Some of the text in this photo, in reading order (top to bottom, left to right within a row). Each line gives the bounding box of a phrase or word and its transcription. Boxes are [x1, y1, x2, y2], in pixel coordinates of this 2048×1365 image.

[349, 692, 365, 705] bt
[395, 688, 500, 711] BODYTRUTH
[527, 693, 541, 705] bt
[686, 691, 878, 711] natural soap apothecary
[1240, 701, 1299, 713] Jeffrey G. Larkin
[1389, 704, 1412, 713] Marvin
· · ·
__TASK DESCRIPTION__. Give back the listing above exactly as written.

__REPLY TO THE TASK__.
Some of the text in this photo, in reading order (top to bottom, left to right within a row). Each line gives the bounding box of a phrase or word and its transcription. Boxes are [x1, y1, x2, y2], in pixel coordinates of this 2048×1365 image.

[349, 692, 365, 705] bt
[395, 688, 500, 711] BODYTRUTH
[527, 693, 541, 705] bt
[686, 691, 878, 711] natural soap apothecary
[1240, 701, 1299, 713] Jeffrey G. Larkin
[1389, 704, 1412, 713] Marvin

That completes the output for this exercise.